• **DATA FOR ANALYSIS**
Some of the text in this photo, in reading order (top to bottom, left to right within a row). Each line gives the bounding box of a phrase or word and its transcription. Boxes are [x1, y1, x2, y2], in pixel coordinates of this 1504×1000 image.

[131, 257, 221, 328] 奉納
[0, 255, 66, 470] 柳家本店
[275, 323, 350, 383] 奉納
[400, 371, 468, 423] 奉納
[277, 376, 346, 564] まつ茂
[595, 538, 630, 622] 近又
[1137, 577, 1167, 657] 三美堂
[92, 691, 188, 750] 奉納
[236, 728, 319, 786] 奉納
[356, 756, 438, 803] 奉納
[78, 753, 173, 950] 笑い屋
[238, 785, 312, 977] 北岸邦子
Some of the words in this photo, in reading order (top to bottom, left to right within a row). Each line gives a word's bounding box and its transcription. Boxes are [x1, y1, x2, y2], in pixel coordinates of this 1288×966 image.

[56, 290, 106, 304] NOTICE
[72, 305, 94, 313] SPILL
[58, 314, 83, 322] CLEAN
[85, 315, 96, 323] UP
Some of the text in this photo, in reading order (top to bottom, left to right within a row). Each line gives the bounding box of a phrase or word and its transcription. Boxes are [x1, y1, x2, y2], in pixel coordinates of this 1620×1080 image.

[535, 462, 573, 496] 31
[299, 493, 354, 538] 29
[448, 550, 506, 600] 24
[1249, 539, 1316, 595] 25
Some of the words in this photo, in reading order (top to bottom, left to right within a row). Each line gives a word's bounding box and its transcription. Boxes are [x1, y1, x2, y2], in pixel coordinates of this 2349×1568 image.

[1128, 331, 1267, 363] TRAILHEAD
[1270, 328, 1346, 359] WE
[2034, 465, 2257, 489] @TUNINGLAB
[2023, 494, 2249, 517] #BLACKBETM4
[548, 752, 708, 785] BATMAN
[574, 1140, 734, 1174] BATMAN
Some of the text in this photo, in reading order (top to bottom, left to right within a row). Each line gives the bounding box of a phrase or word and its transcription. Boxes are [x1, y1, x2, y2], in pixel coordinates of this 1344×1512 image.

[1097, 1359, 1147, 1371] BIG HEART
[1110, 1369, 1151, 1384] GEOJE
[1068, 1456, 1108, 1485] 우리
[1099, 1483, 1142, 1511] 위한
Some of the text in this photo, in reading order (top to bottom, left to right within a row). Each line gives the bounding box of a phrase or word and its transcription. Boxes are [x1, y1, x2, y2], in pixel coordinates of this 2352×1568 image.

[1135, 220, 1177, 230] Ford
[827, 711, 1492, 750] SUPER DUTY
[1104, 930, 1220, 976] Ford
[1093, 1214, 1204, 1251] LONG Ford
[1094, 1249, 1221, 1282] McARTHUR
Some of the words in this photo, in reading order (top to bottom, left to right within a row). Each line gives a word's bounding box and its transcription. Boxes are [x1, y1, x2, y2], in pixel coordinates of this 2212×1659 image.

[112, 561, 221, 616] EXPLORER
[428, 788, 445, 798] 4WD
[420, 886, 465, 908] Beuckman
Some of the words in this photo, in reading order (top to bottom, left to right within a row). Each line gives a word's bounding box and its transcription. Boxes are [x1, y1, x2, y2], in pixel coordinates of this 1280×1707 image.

• **WORK ORDER**
From the first line to the last, restate the data above exactly.

• **WRITTEN ANSWER**
Some of the text in this photo, in reading order (top to bottom, left to right within a row). Each line gives the bounding box of a phrase or word and its transcription. Boxes are [x1, y1, x2, y2], in pixel coordinates of this 1504×1000 image.

[131, 257, 221, 328] 奉納
[0, 255, 66, 470] 柳家本店
[275, 323, 350, 383] 奉納
[400, 371, 468, 423] 奉納
[277, 376, 346, 564] まつ茂
[595, 538, 630, 622] 近又
[1137, 577, 1167, 657] 三美堂
[92, 691, 188, 750] 奉納
[236, 728, 319, 786] 奉納
[356, 756, 438, 803] 奉納
[78, 753, 173, 950] 笑い屋
[238, 785, 312, 977] 北岸邦子
Some of the words in this photo, in reading order (top to bottom, left to right within a row). Each line gives a word's bounding box and its transcription. Boxes are [x1, y1, x2, y2], in pixel coordinates of this 1288×966 image.

[56, 290, 106, 304] NOTICE
[72, 305, 94, 313] SPILL
[58, 314, 83, 322] CLEAN
[85, 315, 96, 323] UP
Some of the text in this photo, in reading order (top to bottom, left to right within a row). Each line gives the bounding box of a phrase or word and its transcription. Boxes are [x1, y1, x2, y2], in pixel coordinates of this 1620×1080 image.

[535, 462, 573, 496] 31
[299, 493, 354, 538] 29
[448, 550, 506, 600] 24
[1249, 539, 1316, 595] 25
Some of the words in this photo, in reading order (top to bottom, left to right within a row). Each line gives a word's bounding box and its transcription. Boxes are [x1, y1, x2, y2], in pixel coordinates of this 2349×1568 image.

[1128, 331, 1267, 363] TRAILHEAD
[1270, 328, 1346, 359] WE
[2034, 465, 2257, 489] @TUNINGLAB
[2023, 494, 2249, 517] #BLACKBETM4
[548, 752, 708, 785] BATMAN
[574, 1140, 734, 1174] BATMAN
Some of the text in this photo, in reading order (top to bottom, left to right within a row). Each line gives the bounding box of a phrase or word and its transcription. Boxes are [x1, y1, x2, y2], in pixel coordinates of this 1344×1512 image.

[1097, 1359, 1147, 1371] BIG HEART
[1110, 1369, 1151, 1384] GEOJE
[1068, 1456, 1108, 1485] 우리
[1099, 1483, 1142, 1511] 위한
Some of the text in this photo, in reading order (top to bottom, left to right within a row). Each line gives the bounding box of a phrase or word and its transcription. Boxes are [x1, y1, x2, y2], in pixel coordinates of this 2352×1568 image.

[1135, 220, 1177, 230] Ford
[827, 711, 1492, 750] SUPER DUTY
[1104, 930, 1220, 976] Ford
[1093, 1214, 1204, 1251] LONG Ford
[1094, 1249, 1221, 1282] McARTHUR
Some of the words in this photo, in reading order (top to bottom, left to right within a row). Each line gives a word's bounding box and its transcription. Boxes are [x1, y1, x2, y2], in pixel coordinates of this 2212×1659 image.

[112, 561, 221, 616] EXPLORER
[428, 788, 445, 798] 4WD
[420, 886, 465, 908] Beuckman
Some of the words in this photo, in reading order (top to bottom, left to right within a row). Each line gives a word's bounding box and its transcription. Boxes are [x1, y1, x2, y2], in pixel coordinates of this 1280×1707 image.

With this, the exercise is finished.